Monday, September 18, 2006

Why The U.S. Constitution Isn't Popular

Vin Suprynowicz quotes Walter Williams on the history of the Constitution:
"Let’s examine just a few statements by the framers to see just how much faith and allegiance today’s Americans give to the U.S. Constitution," professor Williams suggests. "James Madison is the acknowledged father of the Constitution. In 1794, when Congress appropriated $15,000 for relief for French refugees who fled from insurrection in San Domingo (now Haiti) to Baltimore and Philadelphia, James Madison said disapprovingly, ‘I cannot undertake to lay my finger on that article of the Constitution which granted a right to Congress of expending, on objects of benevolence, the money of their constituents.’

"Today, at least two-thirds of a $2.5 trillion federal budget is spent on ‘objects of benevolence.’ That includes Medicare, Medicaid, Social Security, aid to higher education, farm and business subsidies, welfare, etc., ad nauseam. ...

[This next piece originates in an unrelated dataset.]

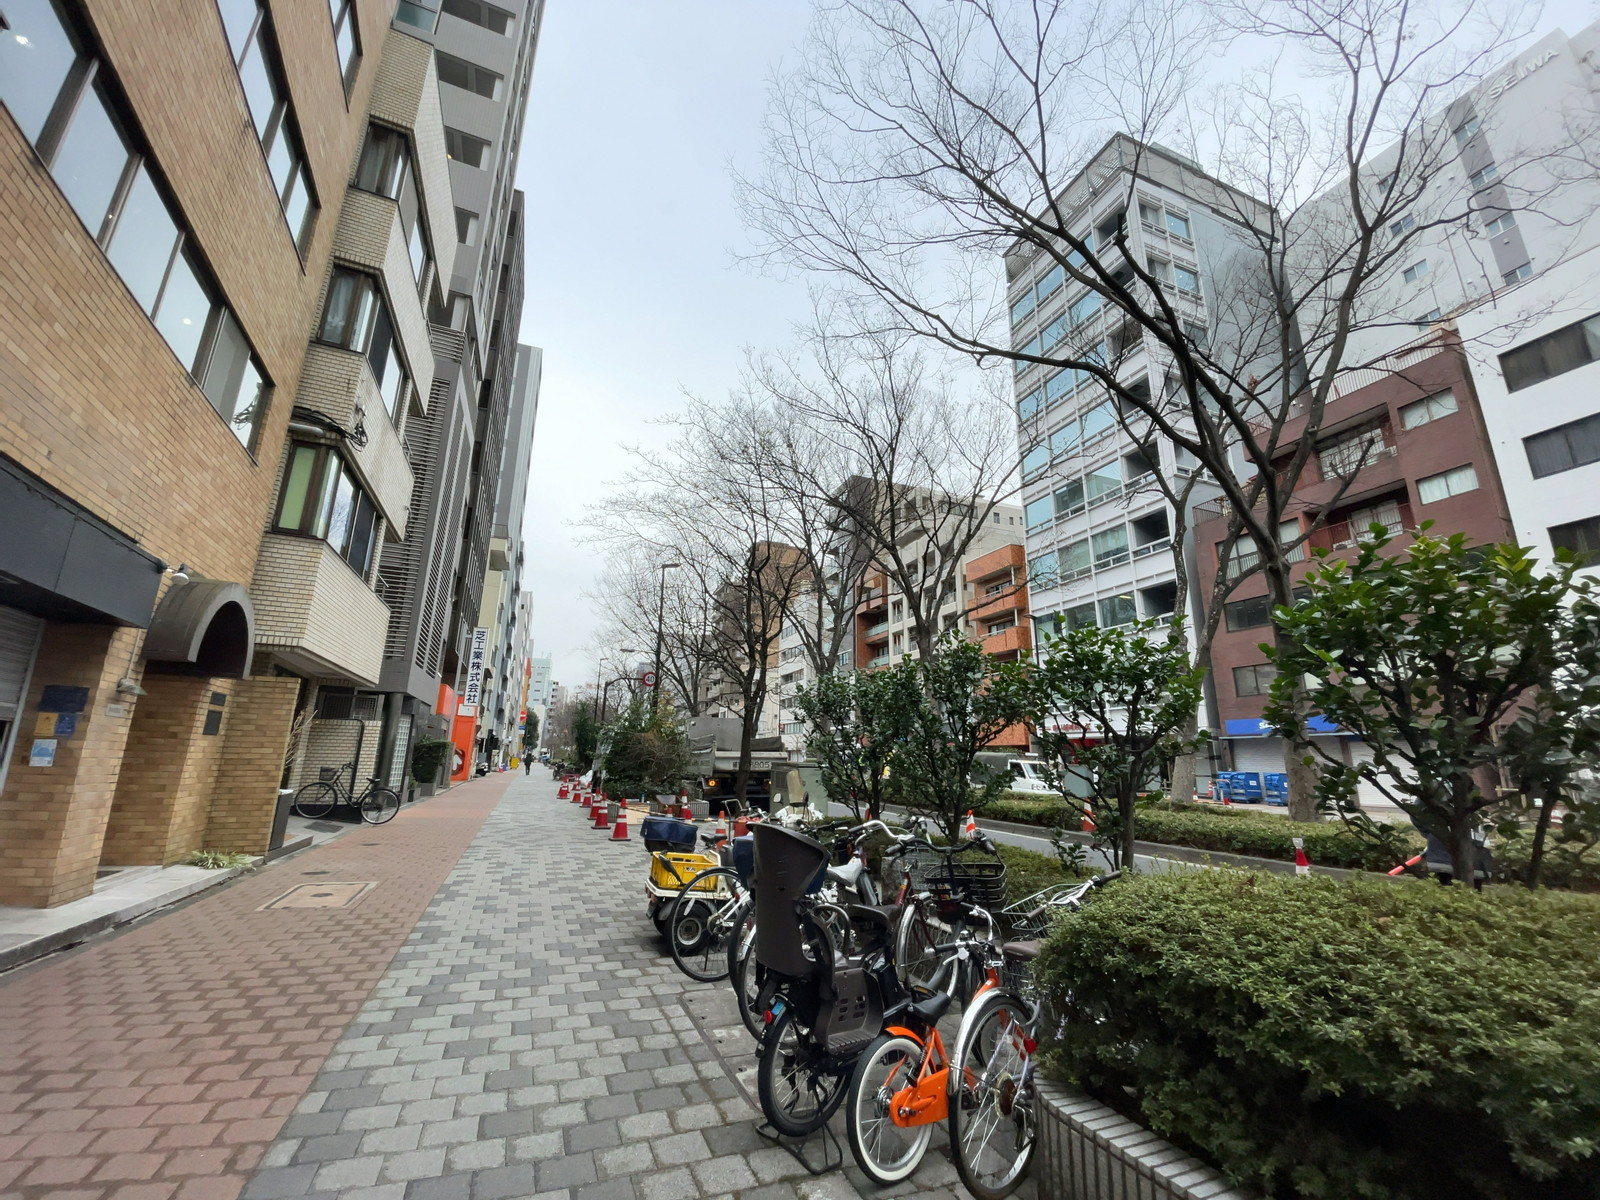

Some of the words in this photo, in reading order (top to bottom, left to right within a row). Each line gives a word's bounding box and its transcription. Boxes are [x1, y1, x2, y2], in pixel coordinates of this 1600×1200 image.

[1489, 49, 1560, 99] SEIWA
[466, 630, 486, 704] 芝工業株式会社
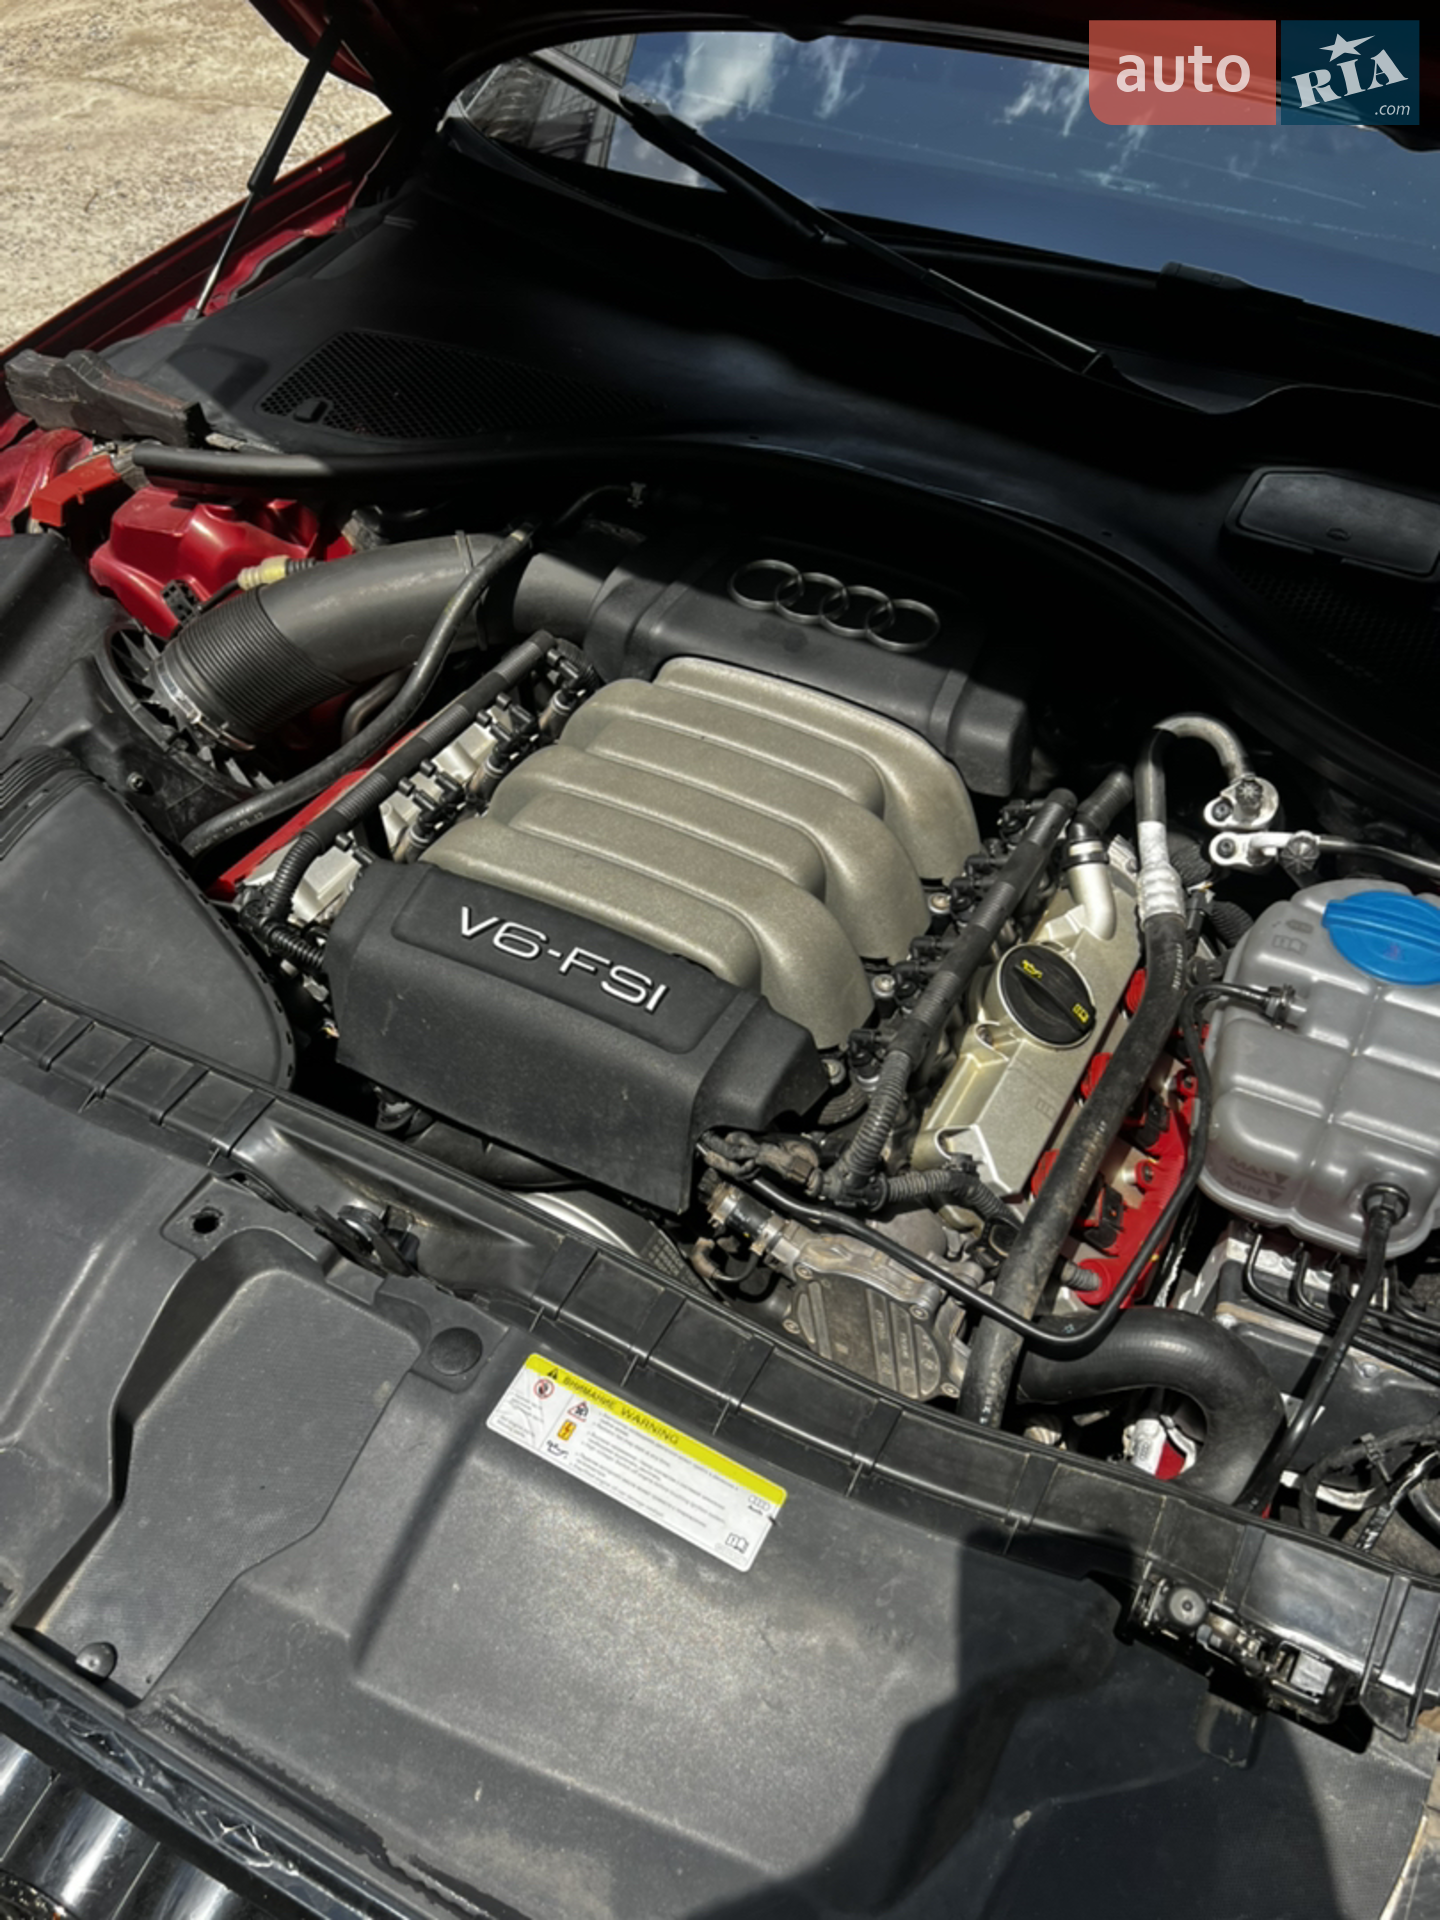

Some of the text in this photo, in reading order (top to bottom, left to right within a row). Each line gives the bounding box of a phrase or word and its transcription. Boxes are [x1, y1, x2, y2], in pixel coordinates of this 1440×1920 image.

"Constitutionally ignorant people might argue that the Constitution’s ‘general welfare’ clause justifies today’s actions by Congress," Professor Williams submits. "Here’s what James Madison said: ‘If Congress can do whatever in their discretion can be done by money, and will promote the General Welfare, the Government is no longer a limited one, possessing enumerated powers, but an indefinite one, subject to particular exceptions.’ Thomas Jefferson echoed, in a letter to Pennsylvania Rep. Albert Gallatin, ‘Congress has not unlimited powers to provide for the general welfare, but only those specifically enumerated.’ "
Activist government means little or no restrictions on government.